The preliminaries are over, the teams and their supporters are on four islands throughout the Caribbean, let the action begin.
For 14 of the teams, including Ireland, in their first World Cup finals, it is a watching brief today as hosts West Indies play Pakistan in Sabina Park, the first of the tournament's 51 matches. Ireland and Zimbabwe, the other teams in Group D, will have more than a passing interest in the outcome because the losers will be the next target for the two ‘minnows'.
The victors will, automatically, become favourites to top the group, with three wins out of three and then the winners of Thursday's game between Ireland and Zimbabwe will know victory against the losers today will give them a passage into the Super Eights.
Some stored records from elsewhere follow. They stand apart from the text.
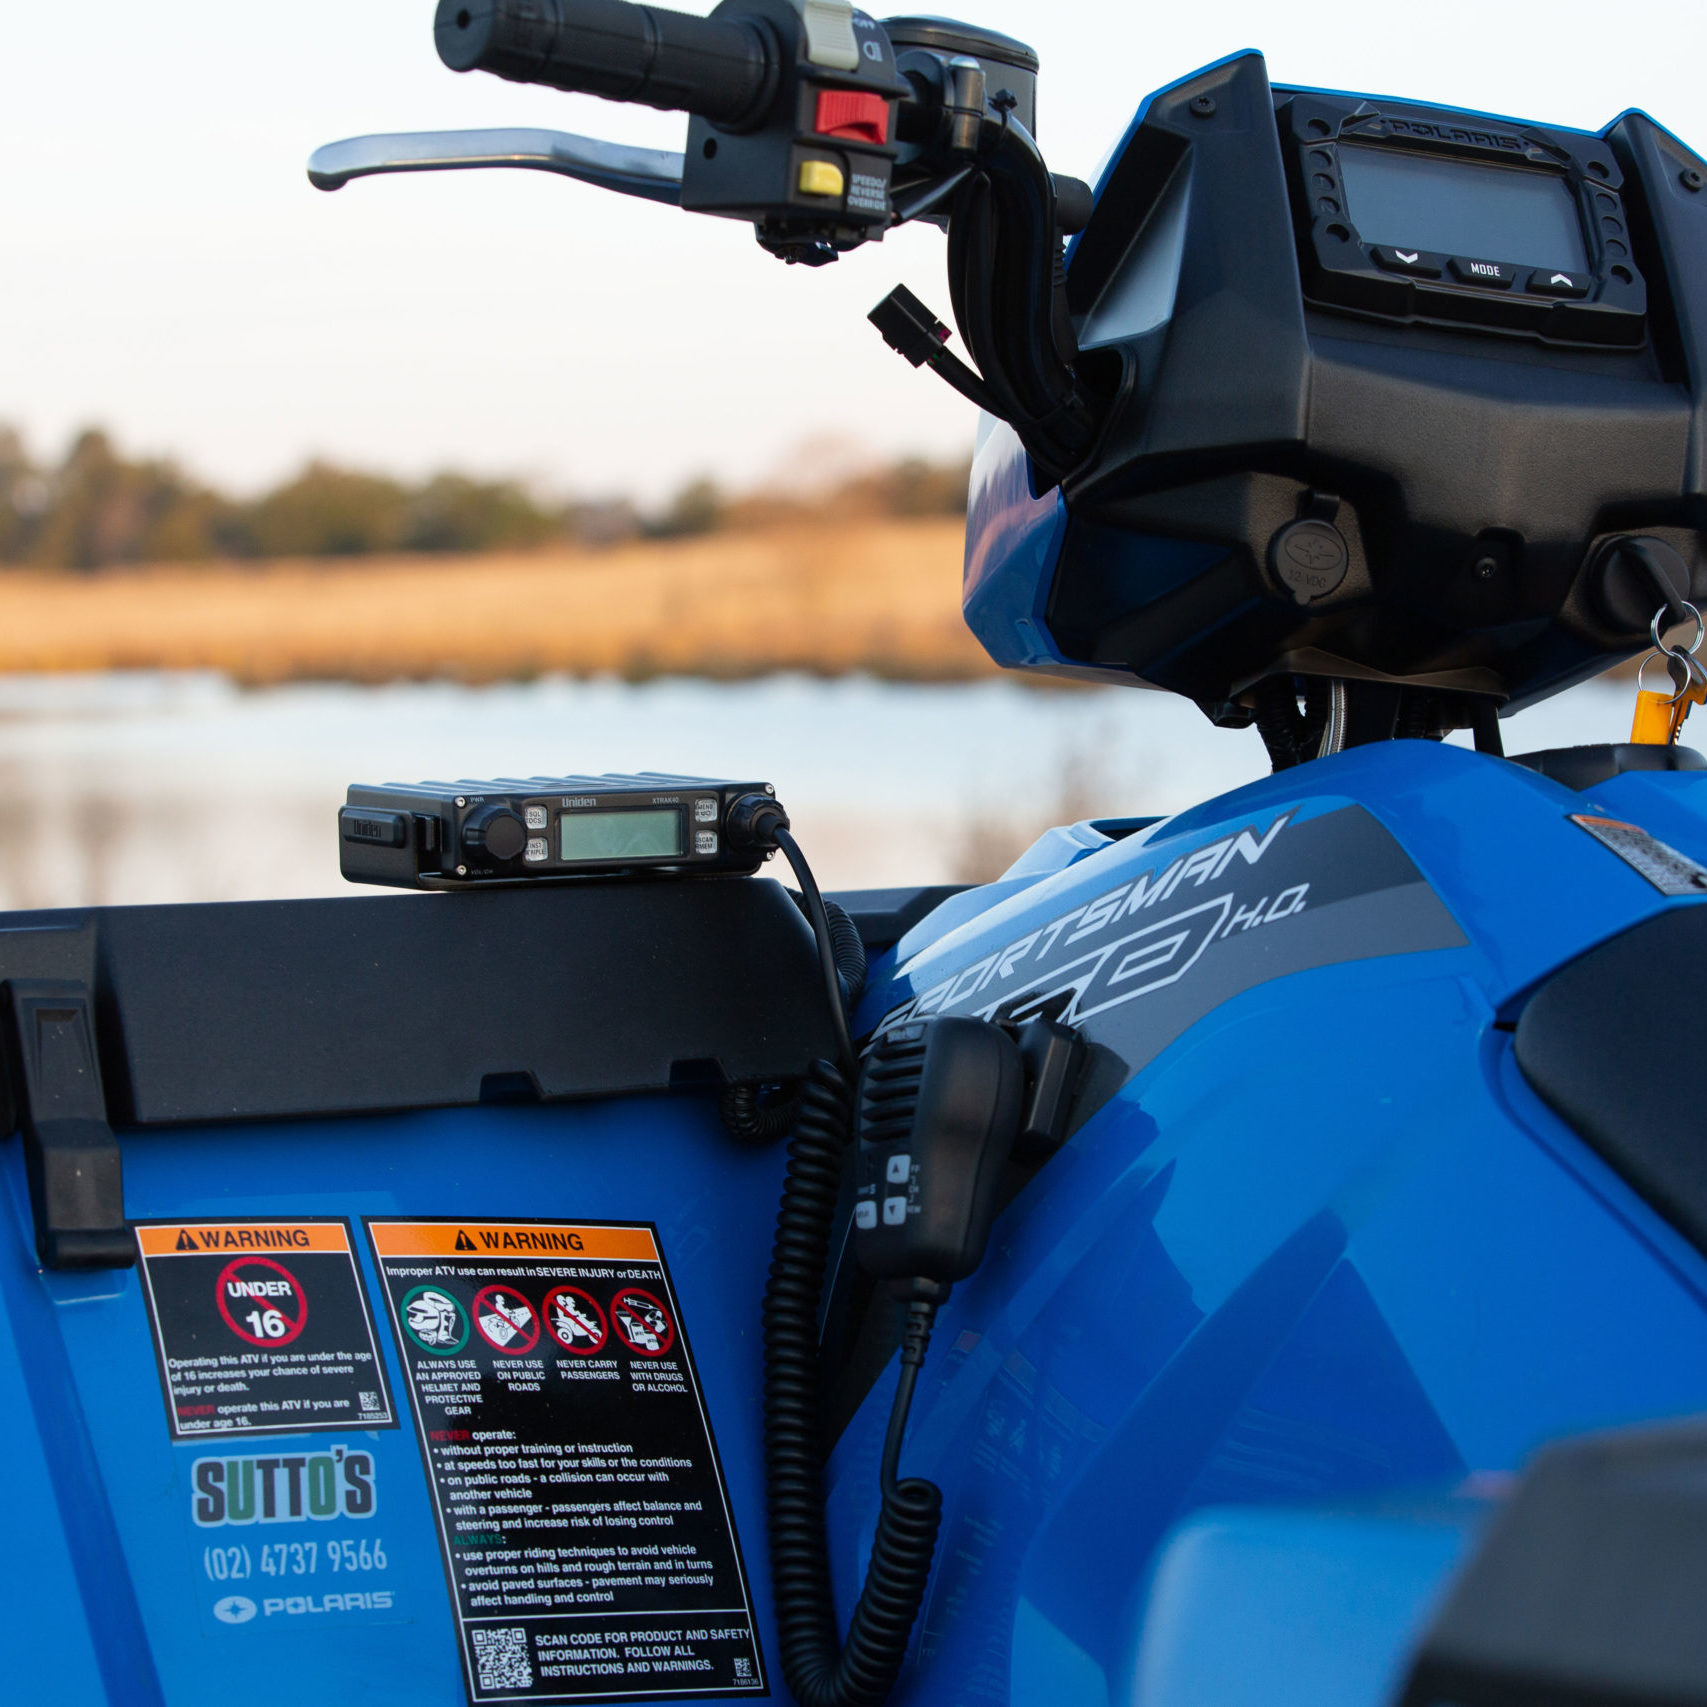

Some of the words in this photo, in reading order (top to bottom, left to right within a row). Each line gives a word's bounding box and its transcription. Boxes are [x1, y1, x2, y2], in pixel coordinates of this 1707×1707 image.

[1389, 119, 1522, 149] POLARIS
[1470, 262, 1501, 277] MODE
[562, 797, 596, 808] Uniden
[1221, 883, 1309, 937] H.O.
[868, 815, 1289, 1041] SPORTSMAN
[198, 1229, 309, 1247] WARNING
[478, 1231, 584, 1250] WARNING
[385, 1265, 432, 1277] Improper
[434, 1265, 454, 1275] ATV
[456, 1267, 476, 1275] use
[496, 1267, 525, 1276] result
[525, 1267, 536, 1276] in
[535, 1267, 578, 1277] SEVERE
[577, 1268, 614, 1277] INJURY
[616, 1270, 626, 1278] or
[626, 1269, 661, 1279] DEATH
[227, 1280, 293, 1298] UNDER
[245, 1310, 290, 1339] 16
[167, 1356, 219, 1370] Operating
[218, 1355, 238, 1365] this
[239, 1354, 259, 1364] ATV
[261, 1354, 268, 1362] if
[269, 1354, 288, 1364] you
[289, 1353, 305, 1361] are
[307, 1352, 334, 1362] under
[335, 1352, 352, 1360] the
[354, 1352, 371, 1361] age
[417, 1360, 456, 1369] ALWAYS
[456, 1360, 476, 1368] USE
[492, 1359, 523, 1368] NEVER
[524, 1359, 543, 1368] USE
[555, 1359, 586, 1368] NEVER
[587, 1359, 617, 1368] CARRY
[629, 1360, 659, 1369] NEVER
[659, 1361, 677, 1369] USE
[168, 1371, 181, 1381] of
[183, 1370, 196, 1380] 16
[197, 1369, 246, 1379] increases
[247, 1368, 270, 1378] your
[271, 1366, 308, 1376] chance
[309, 1365, 320, 1374] of
[321, 1365, 353, 1373] severe
[415, 1372, 429, 1380] AN
[431, 1371, 481, 1380] APPROVED
[496, 1371, 511, 1379] ON
[511, 1371, 545, 1379] PUBLIC
[560, 1370, 620, 1379] PASSENGERS
[629, 1371, 652, 1380] WITH
[653, 1372, 683, 1381] DRUGS
[170, 1383, 201, 1397] injury
[203, 1384, 214, 1393] or
[216, 1381, 248, 1392] death.
[420, 1383, 457, 1392] HELMET
[461, 1382, 480, 1391] AND
[507, 1382, 540, 1391] ROADS
[632, 1382, 645, 1391] OR
[647, 1383, 687, 1392] ALCOHOL
[424, 1394, 482, 1403] PROTECTIVE
[177, 1405, 215, 1416] NEVER
[216, 1402, 258, 1415] operate
[259, 1401, 280, 1411] this
[280, 1400, 301, 1410] ATV
[302, 1399, 310, 1408] if
[311, 1400, 332, 1410] you
[332, 1399, 349, 1408] are
[444, 1406, 471, 1415] GEAR
[178, 1419, 211, 1431] under
[213, 1418, 234, 1430] age
[235, 1416, 252, 1427] 16.
[430, 1430, 470, 1441] NEVER
[471, 1429, 516, 1442] operate:
[439, 1445, 481, 1456] without
[483, 1445, 518, 1456] proper
[520, 1443, 562, 1455] training
[564, 1444, 575, 1453] or
[577, 1442, 633, 1453] instruction
[443, 1460, 455, 1470] at
[456, 1459, 496, 1472] speeds
[497, 1459, 516, 1469] too
[517, 1459, 538, 1468] fast
[539, 1458, 555, 1468] for
[556, 1459, 579, 1470] your
[580, 1458, 606, 1467] skills
[607, 1459, 618, 1467] or
[620, 1457, 637, 1467] the
[639, 1457, 692, 1467] conditions
[196, 1447, 374, 1522] SUTTO'S
[446, 1476, 462, 1486] on
[463, 1474, 498, 1487] public
[499, 1473, 531, 1483] roads
[539, 1474, 546, 1482] a
[548, 1472, 593, 1482] collision
[594, 1473, 614, 1482] can
[616, 1473, 645, 1481] occur
[647, 1471, 669, 1481] with
[449, 1489, 491, 1500] another
[493, 1488, 532, 1498] vehicle
[452, 1504, 477, 1516] with
[478, 1505, 486, 1514] a
[487, 1504, 542, 1516] passenger
[551, 1503, 611, 1514] passengers
[612, 1501, 641, 1511] affect
[642, 1500, 681, 1510] balance
[683, 1500, 702, 1510] and
[203, 1545, 251, 1580] (02)
[260, 1541, 317, 1576] 4737
[326, 1538, 387, 1571] 9566
[462, 1551, 483, 1561] use
[484, 1550, 521, 1562] proper
[523, 1547, 556, 1560] riding
[556, 1546, 615, 1558] techniques
[617, 1545, 628, 1555] to
[630, 1545, 658, 1555] avoid
[660, 1544, 696, 1554] vehicle
[464, 1564, 518, 1576] overturns
[519, 1564, 534, 1573] on
[535, 1562, 560, 1573] hills
[561, 1561, 582, 1572] and
[583, 1560, 615, 1573] rough
[616, 1560, 651, 1570] terrain
[653, 1559, 672, 1569] and
[674, 1559, 684, 1569] in
[685, 1559, 713, 1569] turns
[263, 1591, 392, 1616] POLARIS
[470, 1595, 502, 1606] affect
[503, 1593, 552, 1605] handling
[553, 1592, 574, 1603] and
[576, 1590, 614, 1602] control
[534, 1634, 567, 1646] SCAN
[569, 1633, 602, 1644] CODE
[604, 1632, 628, 1643] FOR
[629, 1630, 681, 1641] PRODUCT
[685, 1629, 707, 1639] AND
[709, 1628, 749, 1639] SAFETY
[537, 1647, 620, 1661] INFORMATION.
[624, 1646, 670, 1657] FOLLOW
[674, 1645, 694, 1655] ALL
[540, 1662, 624, 1676] INSTRUCTIONS
[626, 1661, 650, 1672] AND
[651, 1659, 713, 1671] WARNINGS.
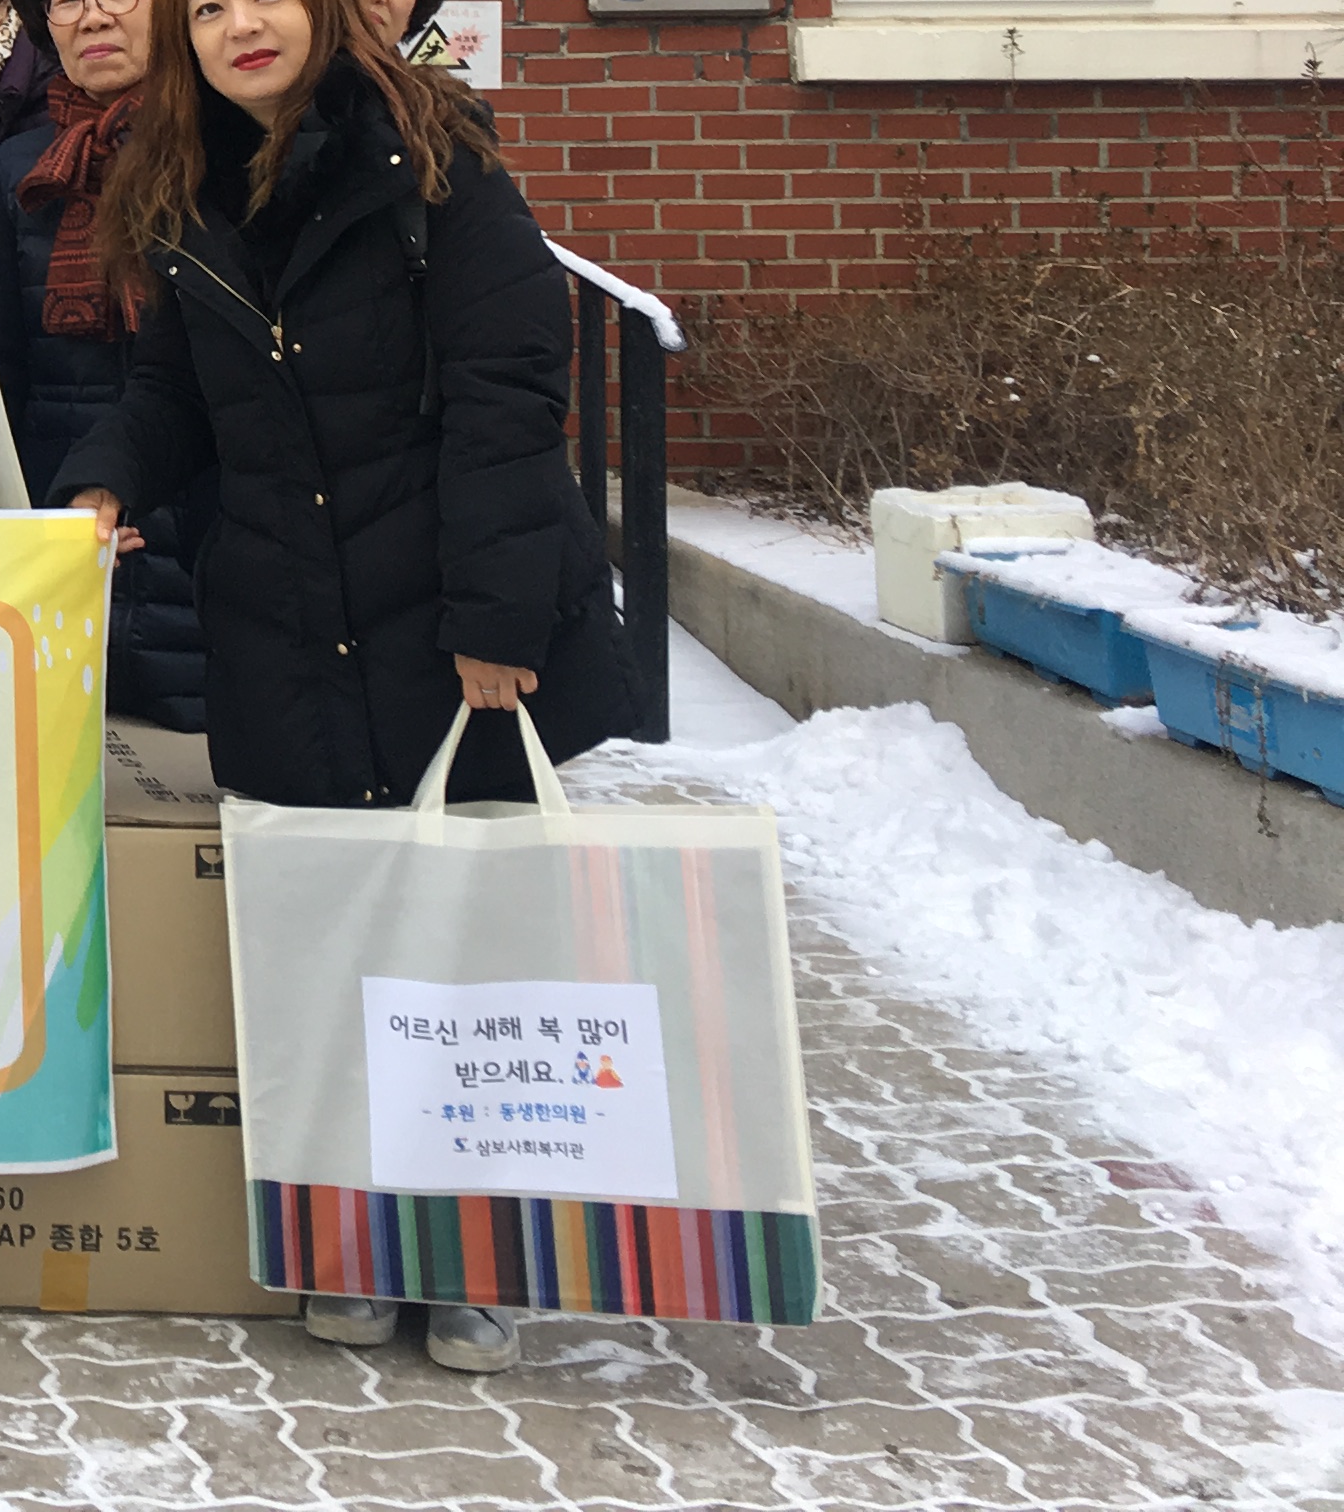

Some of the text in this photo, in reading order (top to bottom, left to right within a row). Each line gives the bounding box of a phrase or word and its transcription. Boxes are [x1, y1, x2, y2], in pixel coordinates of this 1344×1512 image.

[390, 1014, 629, 1046] 어르신 새해 복 많이
[455, 1061, 564, 1088] 받으세요.
[441, 1104, 475, 1123] 후원
[499, 1103, 587, 1124] 동생한의원
[476, 1139, 585, 1160] 삼보사회복지관
[50, 1222, 103, 1253] 종합
[117, 1224, 161, 1252] 5호
West Indies captain Brian Lara has said the game is 'the best match possible to get the tournament under way'.
He added: 'The hosts against the other favourites to emerge from the group. Pakistan had a comfortable win against South Africa in their warm-up game last Friday but we are not going to rely on them being an unpredictable team. We hope it will be a tough game and hope we come out the best team at the end of it.'
Opposite number Inzamam-ul-Haq was giving nothing away on his eve-of-match Press conference.
'It's not easy to beat the West Indies in the West Indies but Pakistan will do their best,' he said. At least that was the translation from the Pakistan media manager Pervez Jamil Mir. The Pakistanis have already annoyed all the English-speaking journalists here by announcing that all their Press conferences will be conducted in Urdu. We are all looking forward to hearing their coach, the former England opening batsman Bob Woolmer, speaking in Urdu.
The Ireland party cannot decide who they want to win today's game but the favoured scenario appears to be for Pakistan to win all three games and, if Ireland get their campaign off to a winning start then it could come down to the final group game on Friday week, between West Indies and Ireland, the winners going through, the losers going home.
It will be disappointing, and even surprising, if there is not at least one upset in the first phase of matches which are being played in St Kitts, Trinidad, St Lucia and here in Jamaica. With Scotland and the Netherlands alongside the top two ranked teams, South Africa and Australia, hopes of either of those teams getting two wins would appear non-existent.
In St Lucia, England and New Zealand should be much too strong for Kenya - even though they are the best country outside the 10 Test nations - and Canada, but, in Trinidad, Bangladesh, having beaten the Kiwis in a warm-up clash last week, would fancy their chances in an easier group. Unfortunately for them, India and Sri Lanka are the two seeded teams in this group and should progress comfortably. Bermuda are making up the numbers here.
So, all eyes are on Ireland and victory against Zimbabwe is the favourite tie for an upset. Whether they can follow up with victory against today's teams, however, remains most unlikely with Pakistan's mercurial talent and the West Indies roared on by what should be capacity crowds in excess of 20,000 for all three of their games here.
The format of the tournament ensures that all the top teams will play each other once before the two semi finals, in Jamaica and St Lucia, with Antigua, Guyana, Grenada and Barbados hosting the Super Eight games from March 27-April 21, each of the teams playing the other six qualifiers who were not in their first phase group. Crucially, though, the win points against the other qualifier from their group is carried into the Super Eights, so four teams will start that stage two points better off than the other four.
A poll of captains suggests that Australia, in spite of losing their top ranking, are favourites to make it a hat-trick of World Cup titles. But, after eight tournaments, no-one has managed that sequence and no host nation has ever won the tournament. Who does that leave? My small wager would go on India to win the final in Barbados on April 28 with Sachin Tendulkar to be king in what is almost certainly his last World Cup.